====== Material shown
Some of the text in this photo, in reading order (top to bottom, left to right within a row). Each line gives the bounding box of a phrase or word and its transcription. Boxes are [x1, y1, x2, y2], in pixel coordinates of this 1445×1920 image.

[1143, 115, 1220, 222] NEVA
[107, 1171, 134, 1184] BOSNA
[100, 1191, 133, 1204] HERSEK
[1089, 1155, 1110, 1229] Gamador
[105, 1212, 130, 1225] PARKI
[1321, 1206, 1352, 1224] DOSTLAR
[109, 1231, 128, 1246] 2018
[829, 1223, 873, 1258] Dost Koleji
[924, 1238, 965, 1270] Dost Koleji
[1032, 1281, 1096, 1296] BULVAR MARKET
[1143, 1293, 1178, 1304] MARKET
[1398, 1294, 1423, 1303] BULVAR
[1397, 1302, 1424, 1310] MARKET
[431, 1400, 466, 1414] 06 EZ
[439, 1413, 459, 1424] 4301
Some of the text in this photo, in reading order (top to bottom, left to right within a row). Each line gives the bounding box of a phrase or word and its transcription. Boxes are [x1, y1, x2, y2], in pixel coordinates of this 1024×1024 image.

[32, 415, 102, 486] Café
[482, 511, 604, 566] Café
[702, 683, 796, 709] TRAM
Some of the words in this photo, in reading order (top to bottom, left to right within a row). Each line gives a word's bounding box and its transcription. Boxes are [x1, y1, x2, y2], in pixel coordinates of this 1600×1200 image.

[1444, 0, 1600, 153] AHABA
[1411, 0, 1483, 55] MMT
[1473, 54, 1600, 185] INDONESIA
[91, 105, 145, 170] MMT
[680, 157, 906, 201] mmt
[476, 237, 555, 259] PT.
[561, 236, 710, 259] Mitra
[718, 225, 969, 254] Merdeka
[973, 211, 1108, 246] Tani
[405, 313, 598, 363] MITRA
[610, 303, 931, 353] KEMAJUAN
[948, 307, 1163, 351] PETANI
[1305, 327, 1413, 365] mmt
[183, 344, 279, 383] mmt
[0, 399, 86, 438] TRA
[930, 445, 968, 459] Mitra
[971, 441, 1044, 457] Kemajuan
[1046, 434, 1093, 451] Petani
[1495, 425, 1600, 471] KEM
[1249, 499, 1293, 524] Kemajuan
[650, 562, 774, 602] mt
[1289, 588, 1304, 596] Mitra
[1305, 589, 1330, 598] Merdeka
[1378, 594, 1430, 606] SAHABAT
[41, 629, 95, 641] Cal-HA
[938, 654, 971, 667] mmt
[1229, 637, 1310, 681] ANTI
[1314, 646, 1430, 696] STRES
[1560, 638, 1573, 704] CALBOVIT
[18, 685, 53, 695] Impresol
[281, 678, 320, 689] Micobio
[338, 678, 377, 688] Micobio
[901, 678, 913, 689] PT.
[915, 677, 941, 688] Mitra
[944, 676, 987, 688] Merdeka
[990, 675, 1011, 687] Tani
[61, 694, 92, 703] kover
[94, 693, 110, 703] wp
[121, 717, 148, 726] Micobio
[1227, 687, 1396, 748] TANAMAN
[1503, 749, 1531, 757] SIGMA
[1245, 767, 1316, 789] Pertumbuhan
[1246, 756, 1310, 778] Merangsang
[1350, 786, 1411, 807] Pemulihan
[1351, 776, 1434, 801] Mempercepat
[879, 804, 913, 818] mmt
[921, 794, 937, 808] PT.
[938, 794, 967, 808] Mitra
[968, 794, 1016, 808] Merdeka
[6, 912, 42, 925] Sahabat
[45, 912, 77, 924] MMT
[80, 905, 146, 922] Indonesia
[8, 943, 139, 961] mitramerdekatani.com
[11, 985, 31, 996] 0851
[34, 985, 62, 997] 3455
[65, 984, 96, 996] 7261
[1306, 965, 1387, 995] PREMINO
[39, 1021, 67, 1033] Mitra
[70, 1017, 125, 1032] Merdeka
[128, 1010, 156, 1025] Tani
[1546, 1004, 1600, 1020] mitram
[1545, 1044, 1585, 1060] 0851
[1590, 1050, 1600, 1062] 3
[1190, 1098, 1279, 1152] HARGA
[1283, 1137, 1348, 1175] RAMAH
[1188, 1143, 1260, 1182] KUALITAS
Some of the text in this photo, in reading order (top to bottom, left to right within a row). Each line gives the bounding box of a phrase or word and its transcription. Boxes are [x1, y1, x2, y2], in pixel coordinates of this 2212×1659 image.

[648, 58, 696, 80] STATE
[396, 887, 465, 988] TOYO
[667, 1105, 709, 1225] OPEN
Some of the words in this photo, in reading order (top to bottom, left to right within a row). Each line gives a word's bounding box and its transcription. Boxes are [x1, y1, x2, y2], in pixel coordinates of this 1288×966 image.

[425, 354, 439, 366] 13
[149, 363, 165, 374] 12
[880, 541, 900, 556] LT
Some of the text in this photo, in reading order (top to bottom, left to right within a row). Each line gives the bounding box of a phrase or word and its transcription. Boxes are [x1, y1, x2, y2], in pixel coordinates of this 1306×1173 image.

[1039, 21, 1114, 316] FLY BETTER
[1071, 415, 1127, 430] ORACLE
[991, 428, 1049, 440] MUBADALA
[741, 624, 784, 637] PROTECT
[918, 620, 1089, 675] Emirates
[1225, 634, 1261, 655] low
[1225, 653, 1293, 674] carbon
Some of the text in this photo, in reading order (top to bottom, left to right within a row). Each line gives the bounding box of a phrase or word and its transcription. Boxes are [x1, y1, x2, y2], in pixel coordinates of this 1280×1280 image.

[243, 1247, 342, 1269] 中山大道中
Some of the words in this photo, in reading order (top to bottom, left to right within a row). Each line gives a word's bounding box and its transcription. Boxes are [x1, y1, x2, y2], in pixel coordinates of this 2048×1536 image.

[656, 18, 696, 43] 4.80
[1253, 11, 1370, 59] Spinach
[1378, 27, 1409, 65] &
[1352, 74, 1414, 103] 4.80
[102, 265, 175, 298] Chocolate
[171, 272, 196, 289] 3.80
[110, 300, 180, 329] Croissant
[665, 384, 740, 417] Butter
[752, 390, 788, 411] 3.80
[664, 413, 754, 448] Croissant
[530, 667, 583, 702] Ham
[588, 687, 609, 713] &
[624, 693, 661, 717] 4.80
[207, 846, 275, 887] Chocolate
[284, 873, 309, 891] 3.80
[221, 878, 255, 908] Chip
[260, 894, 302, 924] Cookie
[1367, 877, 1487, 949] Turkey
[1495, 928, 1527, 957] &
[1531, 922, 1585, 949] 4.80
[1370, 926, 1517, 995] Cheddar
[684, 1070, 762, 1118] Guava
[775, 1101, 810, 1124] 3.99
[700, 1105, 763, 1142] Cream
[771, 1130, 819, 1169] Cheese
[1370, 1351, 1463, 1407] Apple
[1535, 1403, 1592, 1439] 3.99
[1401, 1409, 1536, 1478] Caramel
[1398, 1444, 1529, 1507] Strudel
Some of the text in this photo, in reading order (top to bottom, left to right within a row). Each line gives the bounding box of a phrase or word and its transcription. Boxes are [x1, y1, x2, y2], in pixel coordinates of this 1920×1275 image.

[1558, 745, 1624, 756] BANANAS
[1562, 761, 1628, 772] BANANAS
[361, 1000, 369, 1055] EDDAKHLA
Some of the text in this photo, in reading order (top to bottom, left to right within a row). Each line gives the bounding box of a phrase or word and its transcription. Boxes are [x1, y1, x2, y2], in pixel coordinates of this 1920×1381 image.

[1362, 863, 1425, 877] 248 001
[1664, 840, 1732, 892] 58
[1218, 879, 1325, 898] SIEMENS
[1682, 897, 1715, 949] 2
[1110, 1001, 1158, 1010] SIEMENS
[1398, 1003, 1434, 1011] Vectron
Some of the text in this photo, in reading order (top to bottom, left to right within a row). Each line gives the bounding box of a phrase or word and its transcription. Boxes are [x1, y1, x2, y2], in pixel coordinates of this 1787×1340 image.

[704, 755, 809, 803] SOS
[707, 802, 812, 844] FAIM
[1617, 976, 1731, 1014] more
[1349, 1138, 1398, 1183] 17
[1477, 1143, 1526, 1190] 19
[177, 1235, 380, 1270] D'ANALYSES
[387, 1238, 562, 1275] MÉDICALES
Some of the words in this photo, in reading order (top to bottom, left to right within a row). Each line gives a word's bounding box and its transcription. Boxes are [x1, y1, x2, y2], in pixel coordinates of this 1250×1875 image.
============
## Task directions
From the line that contains "this 1920×1381 image." through the last line of the records above, copy every line exactly and leave out the rest.

## Solution to this problem
Some of the text in this photo, in reading order (top to bottom, left to right within a row). Each line gives the bounding box of a phrase or word and its transcription. Boxes are [x1, y1, x2, y2], in pixel coordinates of this 1920×1381 image.

[1362, 863, 1425, 877] 248 001
[1664, 840, 1732, 892] 58
[1218, 879, 1325, 898] SIEMENS
[1682, 897, 1715, 949] 2
[1110, 1001, 1158, 1010] SIEMENS
[1398, 1003, 1434, 1011] Vectron
Some of the text in this photo, in reading order (top to bottom, left to right within a row). Each line gives the bounding box of a phrase or word and its transcription. Boxes are [x1, y1, x2, y2], in pixel coordinates of this 1787×1340 image.

[704, 755, 809, 803] SOS
[707, 802, 812, 844] FAIM
[1617, 976, 1731, 1014] more
[1349, 1138, 1398, 1183] 17
[1477, 1143, 1526, 1190] 19
[177, 1235, 380, 1270] D'ANALYSES
[387, 1238, 562, 1275] MÉDICALES
Some of the words in this photo, in reading order (top to bottom, left to right within a row). Each line gives a word's bounding box and its transcription. Boxes are [x1, y1, x2, y2], in pixel coordinates of this 1250×1875 image.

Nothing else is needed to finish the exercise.